Israel plans to move Rafah civilians to 15 tent cities along the coast – report
According to Wall Street Journal, Israel showed Egypt a proposal to get civilians out of Gaza’s southern city ahead of ground op; PM’s Office says several plans being discussed
Lazar Berman is The Times of Israel's diplomatic reporter
Amid growing international concern over the Israel Defense Forces’ plans to conquer the Gaza Strip’s southernmost city of Rafah, Israel has drawn up an evacuation plan for civilians along the coast, according to a Tuesday report.
The Wall Street Journal reported that the plan envisions 15 sites containing 25,000 tents each across Gaza, running from the southern edge of Gaza City down to the Al Mawasi area north of Rafah.

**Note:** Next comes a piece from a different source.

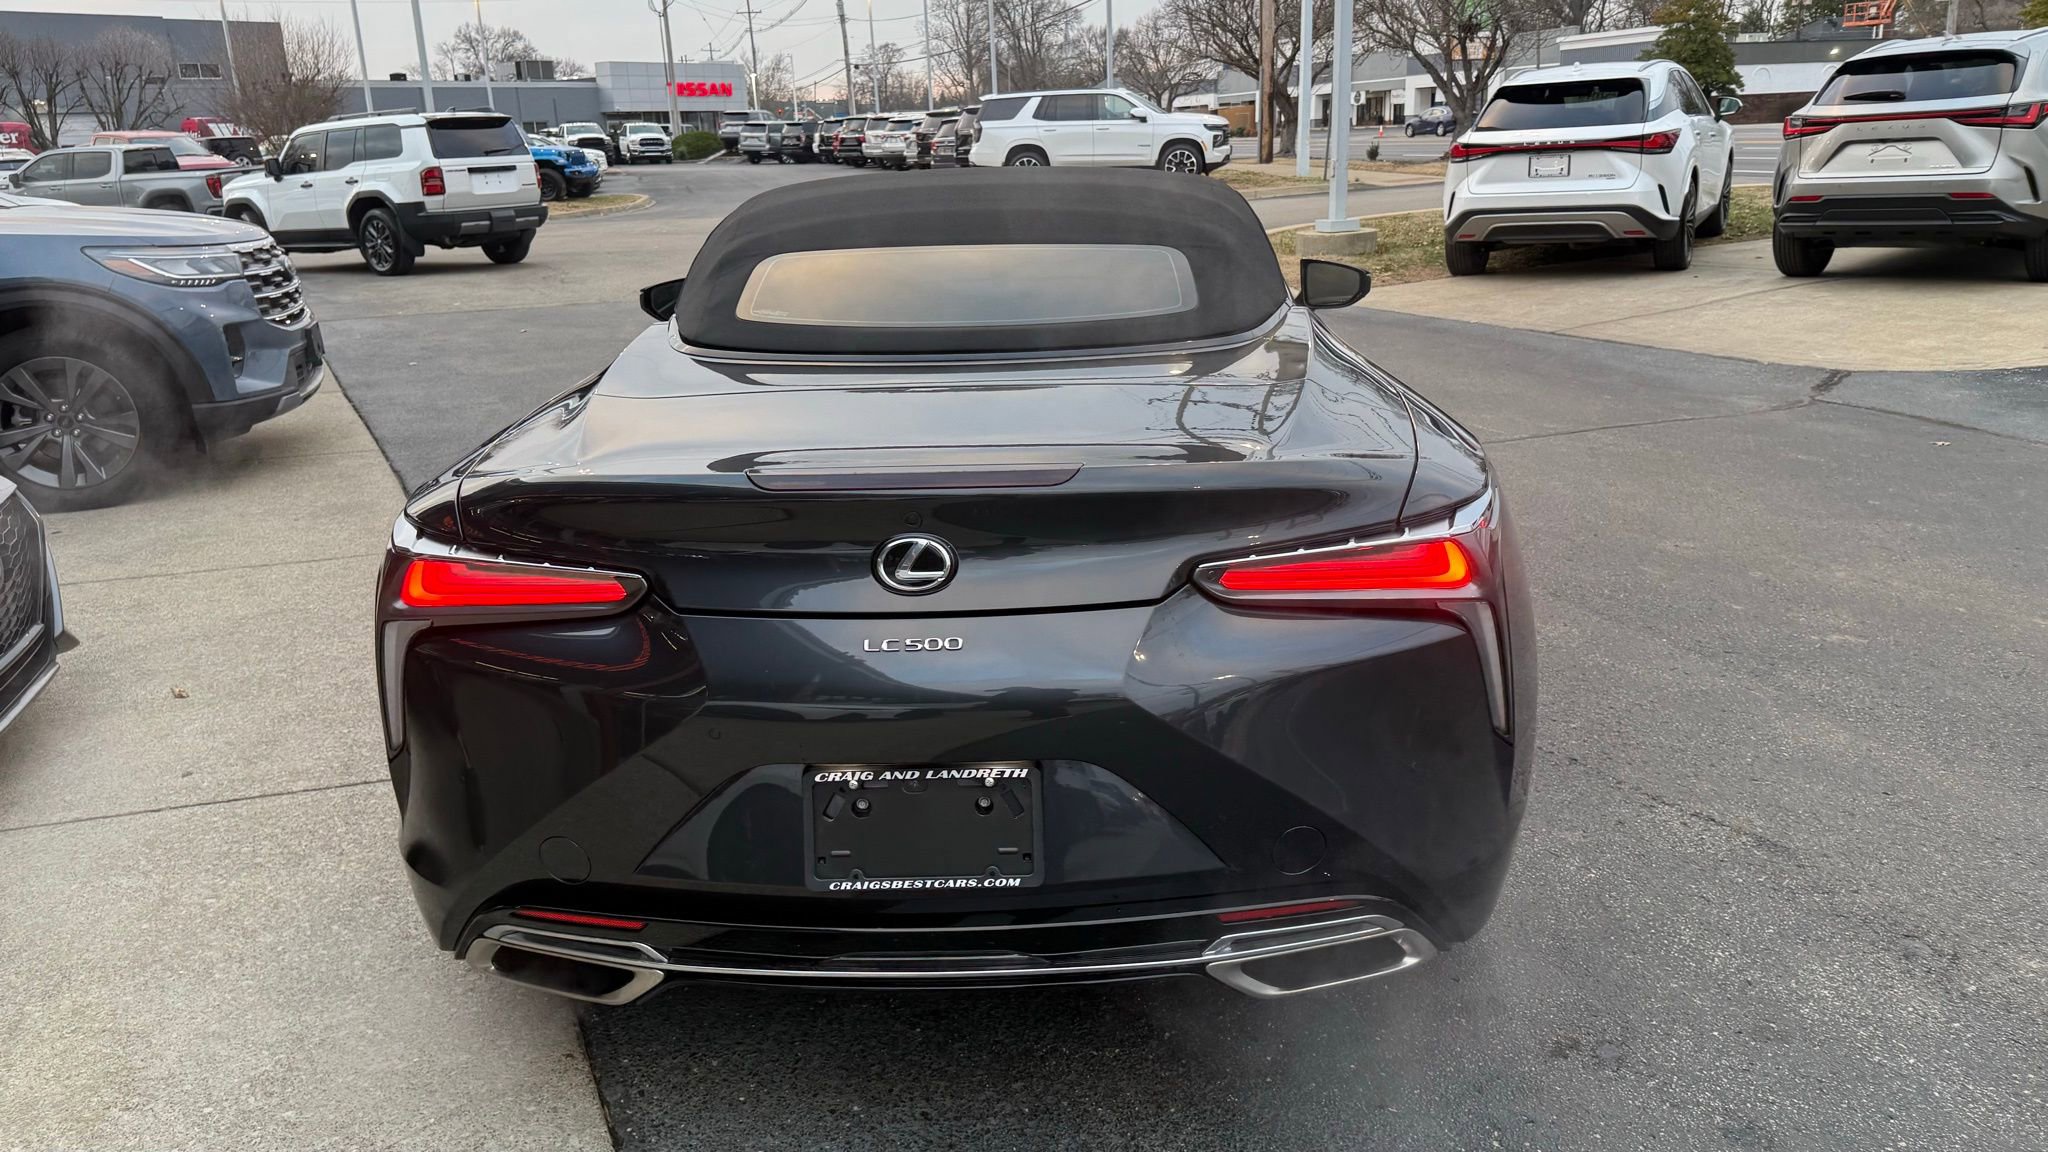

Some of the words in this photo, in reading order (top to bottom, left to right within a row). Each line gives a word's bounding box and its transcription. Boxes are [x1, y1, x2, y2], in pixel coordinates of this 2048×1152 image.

Israel has presented the plan to Egypt in recent days, the report said.
An official in the Prime Minister’s Office told The Times of Israel that there are several plans under discussion, none of which have been approved yet.
Rafah, which sits on the Gaza-Egypt border, is the target of the next IDF offensive, according to Israeli leaders. The US and regional allies have warned of the humanitarian dangers of the IDF moving into the city, in which more than 1 million Gazan refugees are sheltering.
Over the weekend, Prime Minister Benjamin Netanyahu pledged to provide “safe passage” for civilians out of Rafah without specifying where the large number of people massed near the border with Egypt would go.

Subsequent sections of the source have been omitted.